O presidente nacional do partido, deputado Ulysses
Guimarães, observou, com a lucidez que o caracteriza, no discurso de apresentação
da candidatura de Tancredo Neves no Colégio Eleitoral, em 15 de fevereiro de
1985: “são inexoravelmente expelidos da política os reacionários e imobilistas,
que teimam em não ver que outros são os dias e novos são os tempos”. E diversos
políticos, que pelas reações manifestadas nos últimos dias, demonstraram
possuir apenas vazias ambições pessoais, sem nenhuma idéia nova para defender,
correm esse risco.
Estes, com certeza, se tiverem suas pretensões
preteridas (muitos terão), deixarão o PMDB, indo abrigar-se em siglas sem
nenhum conteúdo programático e nem tradição, criadas ao sabor das conveniências
de momento. E punirá com o completo ostracismo. Não com o desterro, como faziam
os gregos antigos, que criaram essa prática, banindo de sua sociedade os
cidadãos inconvenientes, depositando seu voto secreto, com tal decisão, no
interior de uma ostra fechada (daí a origem da palavra). Mas com o esquecimento
e repulsa.
Verifica-se, hoje, nos mais variados segmentos
sociais brasileiros, uma espécie de polarização ideológica entre os extremos,
com suas múltiplas graduações. O partido, como reflexo do próprio País em que
atua, apresenta idêntico fenômeno, como ademais, em maior ou menor grau, todos
os outros existentes.
Essas várias correntes lutam para impor seu
pensamento à totalidade de seus pares, o que nos parece justo e lícito. Mas é
necessário que isso seja feito através de meios éticos e que certas regras
indispensáveis sejam respeitadas. Como o acatamento à opinião da maioria, um
dos pressupostos do exercício democrático. Se o PMDB não conseguir sair coeso
desse processo, fatalmente conhecerá o seu maior revés em seus vinte e um anos
de existência.
Outro ponto muito importante para o sucesso em 15 de
novembro, é ter realizações para apresentar durante a campanha. As obras
executadas são o maior cabo eleitoral que uma agremiação no poder pode dispor.
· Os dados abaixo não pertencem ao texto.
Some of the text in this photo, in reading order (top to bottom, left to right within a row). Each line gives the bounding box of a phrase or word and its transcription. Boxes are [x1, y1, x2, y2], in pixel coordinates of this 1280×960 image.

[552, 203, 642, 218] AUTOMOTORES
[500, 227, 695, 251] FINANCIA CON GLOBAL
E problemas não faltam neste País para serem solucionados. Ao contrário,
abundam.
Tarefas até sobram, sendo impossíveis de execução
num único período governamental. Por isso é indispensável que haja
sensibilidade para detectar as prioridades e as realizar. Pouca valia terá o
fato de algum candidato a candidato contar com a metade ou a totalidade dos
cargos dos diretórios estaduais, se não tiver um programa afinado com os ideais
partidários para apresentar ao eleitorado. Que não se defendam posições
indefensáveis, de caráter meramente populista, sem nenhum conteúdo. Que se
busque sentir as necessidades e os anseios do nosso sofrido povo e atuar com
ele e não a despeito dele.
A vida pública, ao contrário do que muitos,
distorcidamente, supõem, não é prêmio, um espólio, uma sinecura, mas uma
tarefa. Ninguém é chamado compulsoriamente a exercê-la. O cidadão que se
dispõe, livremente, a servir o povo, deve, antes de tudo, se despir de vaidades
e de interesses particulares.
A responsabilidade que o político assume perante a
sociedade é muito grande. Ele deve estar sempre consciente de que um ato seu,
bom ou ruim, pode modificar, irreversivelmente, a própria vida de milhões de
pessoas, determinando seu acesso, ou não, à educação, à saúde, ao emprego e
àquilo que poderão ser como cidadãos. E que, sobretudo, os políticos tenham
sempre em mente as judiciosas palavras do saudoso líder Tancredo Neves, quando
afirmou: “Servir o povo reclama dedicação incansável, noites indormidas, o peso
abrasador de emoções”.
(Artigo publicado na página 2, Opinião, do Correio
Popular, em 26 de janeiro de 1986)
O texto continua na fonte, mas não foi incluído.